◆ Data for analysis
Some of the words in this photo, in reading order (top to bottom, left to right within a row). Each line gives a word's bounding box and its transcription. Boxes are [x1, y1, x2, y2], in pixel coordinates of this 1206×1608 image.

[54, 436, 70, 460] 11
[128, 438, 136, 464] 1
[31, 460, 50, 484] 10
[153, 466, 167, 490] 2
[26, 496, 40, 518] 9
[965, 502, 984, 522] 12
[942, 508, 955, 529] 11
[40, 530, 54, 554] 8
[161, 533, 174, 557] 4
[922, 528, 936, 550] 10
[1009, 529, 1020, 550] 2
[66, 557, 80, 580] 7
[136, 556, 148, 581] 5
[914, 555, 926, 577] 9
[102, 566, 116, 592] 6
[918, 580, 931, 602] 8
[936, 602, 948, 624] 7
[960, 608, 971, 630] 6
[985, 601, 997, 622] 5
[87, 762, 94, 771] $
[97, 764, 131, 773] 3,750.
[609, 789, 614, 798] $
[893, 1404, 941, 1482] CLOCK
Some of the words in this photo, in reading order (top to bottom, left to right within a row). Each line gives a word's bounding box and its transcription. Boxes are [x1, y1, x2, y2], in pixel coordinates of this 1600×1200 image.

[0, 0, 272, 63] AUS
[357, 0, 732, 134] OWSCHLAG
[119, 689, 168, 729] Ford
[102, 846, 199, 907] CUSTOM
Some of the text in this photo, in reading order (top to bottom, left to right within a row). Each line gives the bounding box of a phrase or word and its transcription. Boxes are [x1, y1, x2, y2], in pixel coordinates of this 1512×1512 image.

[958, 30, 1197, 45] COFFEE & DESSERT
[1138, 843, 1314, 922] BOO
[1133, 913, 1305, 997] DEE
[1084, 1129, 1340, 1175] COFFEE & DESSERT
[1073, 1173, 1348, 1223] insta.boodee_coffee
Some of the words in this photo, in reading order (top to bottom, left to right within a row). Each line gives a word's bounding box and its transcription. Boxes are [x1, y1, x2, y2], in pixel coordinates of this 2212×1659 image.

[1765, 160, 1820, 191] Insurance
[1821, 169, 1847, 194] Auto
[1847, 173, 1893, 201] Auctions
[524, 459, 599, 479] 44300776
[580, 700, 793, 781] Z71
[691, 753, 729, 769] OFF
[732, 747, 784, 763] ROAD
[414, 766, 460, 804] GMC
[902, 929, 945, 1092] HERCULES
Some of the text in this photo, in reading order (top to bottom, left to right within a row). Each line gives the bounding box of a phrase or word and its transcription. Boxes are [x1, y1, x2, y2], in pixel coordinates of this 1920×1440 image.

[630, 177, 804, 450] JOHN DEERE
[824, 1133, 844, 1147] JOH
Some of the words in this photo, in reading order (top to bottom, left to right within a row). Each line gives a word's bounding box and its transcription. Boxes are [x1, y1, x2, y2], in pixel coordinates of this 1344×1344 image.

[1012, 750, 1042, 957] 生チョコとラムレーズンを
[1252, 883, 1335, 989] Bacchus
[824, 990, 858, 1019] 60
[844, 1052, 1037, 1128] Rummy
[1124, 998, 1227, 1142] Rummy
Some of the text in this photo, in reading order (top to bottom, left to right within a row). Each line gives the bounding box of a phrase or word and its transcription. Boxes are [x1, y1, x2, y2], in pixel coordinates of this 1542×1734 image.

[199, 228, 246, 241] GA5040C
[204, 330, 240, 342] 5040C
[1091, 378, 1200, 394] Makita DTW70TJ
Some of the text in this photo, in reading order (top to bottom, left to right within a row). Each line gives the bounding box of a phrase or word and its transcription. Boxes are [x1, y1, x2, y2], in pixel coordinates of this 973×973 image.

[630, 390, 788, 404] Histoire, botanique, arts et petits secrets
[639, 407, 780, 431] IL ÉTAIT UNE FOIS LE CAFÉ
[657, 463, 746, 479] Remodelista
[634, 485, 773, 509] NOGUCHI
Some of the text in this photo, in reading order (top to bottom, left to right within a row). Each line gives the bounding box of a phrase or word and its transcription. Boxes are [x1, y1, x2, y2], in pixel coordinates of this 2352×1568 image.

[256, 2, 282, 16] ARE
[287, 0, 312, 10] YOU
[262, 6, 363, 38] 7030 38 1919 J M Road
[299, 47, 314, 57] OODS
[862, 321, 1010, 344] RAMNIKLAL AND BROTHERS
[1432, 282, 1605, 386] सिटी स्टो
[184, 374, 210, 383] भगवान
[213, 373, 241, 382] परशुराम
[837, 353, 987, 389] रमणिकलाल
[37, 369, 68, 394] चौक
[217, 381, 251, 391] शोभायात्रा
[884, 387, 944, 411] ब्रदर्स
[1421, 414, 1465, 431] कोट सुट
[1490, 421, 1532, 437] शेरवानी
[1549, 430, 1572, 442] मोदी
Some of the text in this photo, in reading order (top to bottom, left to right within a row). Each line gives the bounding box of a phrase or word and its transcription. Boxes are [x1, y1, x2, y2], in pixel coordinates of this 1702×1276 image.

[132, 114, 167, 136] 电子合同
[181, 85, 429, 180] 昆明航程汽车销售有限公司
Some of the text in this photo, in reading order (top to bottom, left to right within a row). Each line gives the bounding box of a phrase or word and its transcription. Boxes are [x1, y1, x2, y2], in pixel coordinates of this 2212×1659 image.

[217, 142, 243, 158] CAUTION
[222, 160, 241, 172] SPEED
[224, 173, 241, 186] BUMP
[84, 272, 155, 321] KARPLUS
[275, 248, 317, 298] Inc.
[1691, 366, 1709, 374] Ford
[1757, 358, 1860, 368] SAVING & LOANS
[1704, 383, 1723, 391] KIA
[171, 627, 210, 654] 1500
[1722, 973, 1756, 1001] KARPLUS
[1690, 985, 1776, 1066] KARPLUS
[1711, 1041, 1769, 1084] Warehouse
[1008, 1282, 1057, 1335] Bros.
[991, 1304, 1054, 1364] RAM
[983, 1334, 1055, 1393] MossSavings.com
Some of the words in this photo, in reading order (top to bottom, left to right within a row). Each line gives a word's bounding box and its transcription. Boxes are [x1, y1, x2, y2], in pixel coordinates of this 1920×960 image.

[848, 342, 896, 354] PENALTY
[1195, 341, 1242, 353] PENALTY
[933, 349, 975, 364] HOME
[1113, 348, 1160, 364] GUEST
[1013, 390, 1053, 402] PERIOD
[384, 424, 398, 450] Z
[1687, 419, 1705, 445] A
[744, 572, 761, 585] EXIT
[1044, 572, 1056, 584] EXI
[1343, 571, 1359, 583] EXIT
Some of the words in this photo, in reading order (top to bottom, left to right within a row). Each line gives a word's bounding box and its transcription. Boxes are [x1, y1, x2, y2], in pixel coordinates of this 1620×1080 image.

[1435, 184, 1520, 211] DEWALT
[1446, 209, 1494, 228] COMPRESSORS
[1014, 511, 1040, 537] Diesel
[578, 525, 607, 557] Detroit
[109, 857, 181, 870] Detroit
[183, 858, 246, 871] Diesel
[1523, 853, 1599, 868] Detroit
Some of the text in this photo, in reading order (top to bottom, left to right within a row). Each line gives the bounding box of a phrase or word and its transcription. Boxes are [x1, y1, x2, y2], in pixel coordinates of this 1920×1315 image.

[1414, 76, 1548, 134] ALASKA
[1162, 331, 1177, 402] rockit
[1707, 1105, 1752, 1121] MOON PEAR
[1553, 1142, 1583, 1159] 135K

◆ What the task asks
All the material above is to be retyped exactly as it appears.

◆ Exercise answer
Some of the words in this photo, in reading order (top to bottom, left to right within a row). Each line gives a word's bounding box and its transcription. Boxes are [x1, y1, x2, y2], in pixel coordinates of this 1206×1608 image.

[54, 436, 70, 460] 11
[128, 438, 136, 464] 1
[31, 460, 50, 484] 10
[153, 466, 167, 490] 2
[26, 496, 40, 518] 9
[965, 502, 984, 522] 12
[942, 508, 955, 529] 11
[40, 530, 54, 554] 8
[161, 533, 174, 557] 4
[922, 528, 936, 550] 10
[1009, 529, 1020, 550] 2
[66, 557, 80, 580] 7
[136, 556, 148, 581] 5
[914, 555, 926, 577] 9
[102, 566, 116, 592] 6
[918, 580, 931, 602] 8
[936, 602, 948, 624] 7
[960, 608, 971, 630] 6
[985, 601, 997, 622] 5
[87, 762, 94, 771] $
[97, 764, 131, 773] 3,750.
[609, 789, 614, 798] $
[893, 1404, 941, 1482] CLOCK
Some of the words in this photo, in reading order (top to bottom, left to right within a row). Each line gives a word's bounding box and its transcription. Boxes are [x1, y1, x2, y2], in pixel coordinates of this 1600×1200 image.

[0, 0, 272, 63] AUS
[357, 0, 732, 134] OWSCHLAG
[119, 689, 168, 729] Ford
[102, 846, 199, 907] CUSTOM
Some of the text in this photo, in reading order (top to bottom, left to right within a row). Each line gives the bounding box of a phrase or word and its transcription. Boxes are [x1, y1, x2, y2], in pixel coordinates of this 1512×1512 image.

[958, 30, 1197, 45] COFFEE & DESSERT
[1138, 843, 1314, 922] BOO
[1133, 913, 1305, 997] DEE
[1084, 1129, 1340, 1175] COFFEE & DESSERT
[1073, 1173, 1348, 1223] insta.boodee_coffee
Some of the words in this photo, in reading order (top to bottom, left to right within a row). Each line gives a word's bounding box and its transcription. Boxes are [x1, y1, x2, y2], in pixel coordinates of this 2212×1659 image.

[1765, 160, 1820, 191] Insurance
[1821, 169, 1847, 194] Auto
[1847, 173, 1893, 201] Auctions
[524, 459, 599, 479] 44300776
[580, 700, 793, 781] Z71
[691, 753, 729, 769] OFF
[732, 747, 784, 763] ROAD
[414, 766, 460, 804] GMC
[902, 929, 945, 1092] HERCULES
Some of the text in this photo, in reading order (top to bottom, left to right within a row). Each line gives the bounding box of a phrase or word and its transcription. Boxes are [x1, y1, x2, y2], in pixel coordinates of this 1920×1440 image.

[630, 177, 804, 450] JOHN DEERE
[824, 1133, 844, 1147] JOH
Some of the words in this photo, in reading order (top to bottom, left to right within a row). Each line gives a word's bounding box and its transcription. Boxes are [x1, y1, x2, y2], in pixel coordinates of this 1344×1344 image.

[1012, 750, 1042, 957] 生チョコとラムレーズンを
[1252, 883, 1335, 989] Bacchus
[824, 990, 858, 1019] 60
[844, 1052, 1037, 1128] Rummy
[1124, 998, 1227, 1142] Rummy
Some of the text in this photo, in reading order (top to bottom, left to right within a row). Each line gives the bounding box of a phrase or word and its transcription. Boxes are [x1, y1, x2, y2], in pixel coordinates of this 1542×1734 image.

[199, 228, 246, 241] GA5040C
[204, 330, 240, 342] 5040C
[1091, 378, 1200, 394] Makita DTW70TJ
Some of the text in this photo, in reading order (top to bottom, left to right within a row). Each line gives the bounding box of a phrase or word and its transcription. Boxes are [x1, y1, x2, y2], in pixel coordinates of this 973×973 image.

[630, 390, 788, 404] Histoire, botanique, arts et petits secrets
[639, 407, 780, 431] IL ÉTAIT UNE FOIS LE CAFÉ
[657, 463, 746, 479] Remodelista
[634, 485, 773, 509] NOGUCHI
Some of the text in this photo, in reading order (top to bottom, left to right within a row). Each line gives the bounding box of a phrase or word and its transcription. Boxes are [x1, y1, x2, y2], in pixel coordinates of this 2352×1568 image.

[256, 2, 282, 16] ARE
[287, 0, 312, 10] YOU
[262, 6, 363, 38] 7030 38 1919 J M Road
[299, 47, 314, 57] OODS
[862, 321, 1010, 344] RAMNIKLAL AND BROTHERS
[1432, 282, 1605, 386] सिटी स्टो
[184, 374, 210, 383] भगवान
[213, 373, 241, 382] परशुराम
[837, 353, 987, 389] रमणिकलाल
[37, 369, 68, 394] चौक
[217, 381, 251, 391] शोभायात्रा
[884, 387, 944, 411] ब्रदर्स
[1421, 414, 1465, 431] कोट सुट
[1490, 421, 1532, 437] शेरवानी
[1549, 430, 1572, 442] मोदी
Some of the text in this photo, in reading order (top to bottom, left to right within a row). Each line gives the bounding box of a phrase or word and its transcription. Boxes are [x1, y1, x2, y2], in pixel coordinates of this 1702×1276 image.

[132, 114, 167, 136] 电子合同
[181, 85, 429, 180] 昆明航程汽车销售有限公司
Some of the text in this photo, in reading order (top to bottom, left to right within a row). Each line gives the bounding box of a phrase or word and its transcription. Boxes are [x1, y1, x2, y2], in pixel coordinates of this 2212×1659 image.

[217, 142, 243, 158] CAUTION
[222, 160, 241, 172] SPEED
[224, 173, 241, 186] BUMP
[84, 272, 155, 321] KARPLUS
[275, 248, 317, 298] Inc.
[1691, 366, 1709, 374] Ford
[1757, 358, 1860, 368] SAVING & LOANS
[1704, 383, 1723, 391] KIA
[171, 627, 210, 654] 1500
[1722, 973, 1756, 1001] KARPLUS
[1690, 985, 1776, 1066] KARPLUS
[1711, 1041, 1769, 1084] Warehouse
[1008, 1282, 1057, 1335] Bros.
[991, 1304, 1054, 1364] RAM
[983, 1334, 1055, 1393] MossSavings.com
Some of the words in this photo, in reading order (top to bottom, left to right within a row). Each line gives a word's bounding box and its transcription. Boxes are [x1, y1, x2, y2], in pixel coordinates of this 1920×960 image.

[848, 342, 896, 354] PENALTY
[1195, 341, 1242, 353] PENALTY
[933, 349, 975, 364] HOME
[1113, 348, 1160, 364] GUEST
[1013, 390, 1053, 402] PERIOD
[384, 424, 398, 450] Z
[1687, 419, 1705, 445] A
[744, 572, 761, 585] EXIT
[1044, 572, 1056, 584] EXI
[1343, 571, 1359, 583] EXIT
Some of the words in this photo, in reading order (top to bottom, left to right within a row). Each line gives a word's bounding box and its transcription. Boxes are [x1, y1, x2, y2], in pixel coordinates of this 1620×1080 image.

[1435, 184, 1520, 211] DEWALT
[1446, 209, 1494, 228] COMPRESSORS
[1014, 511, 1040, 537] Diesel
[578, 525, 607, 557] Detroit
[109, 857, 181, 870] Detroit
[183, 858, 246, 871] Diesel
[1523, 853, 1599, 868] Detroit
Some of the text in this photo, in reading order (top to bottom, left to right within a row). Each line gives the bounding box of a phrase or word and its transcription. Boxes are [x1, y1, x2, y2], in pixel coordinates of this 1920×1315 image.

[1414, 76, 1548, 134] ALASKA
[1162, 331, 1177, 402] rockit
[1707, 1105, 1752, 1121] MOON PEAR
[1553, 1142, 1583, 1159] 135K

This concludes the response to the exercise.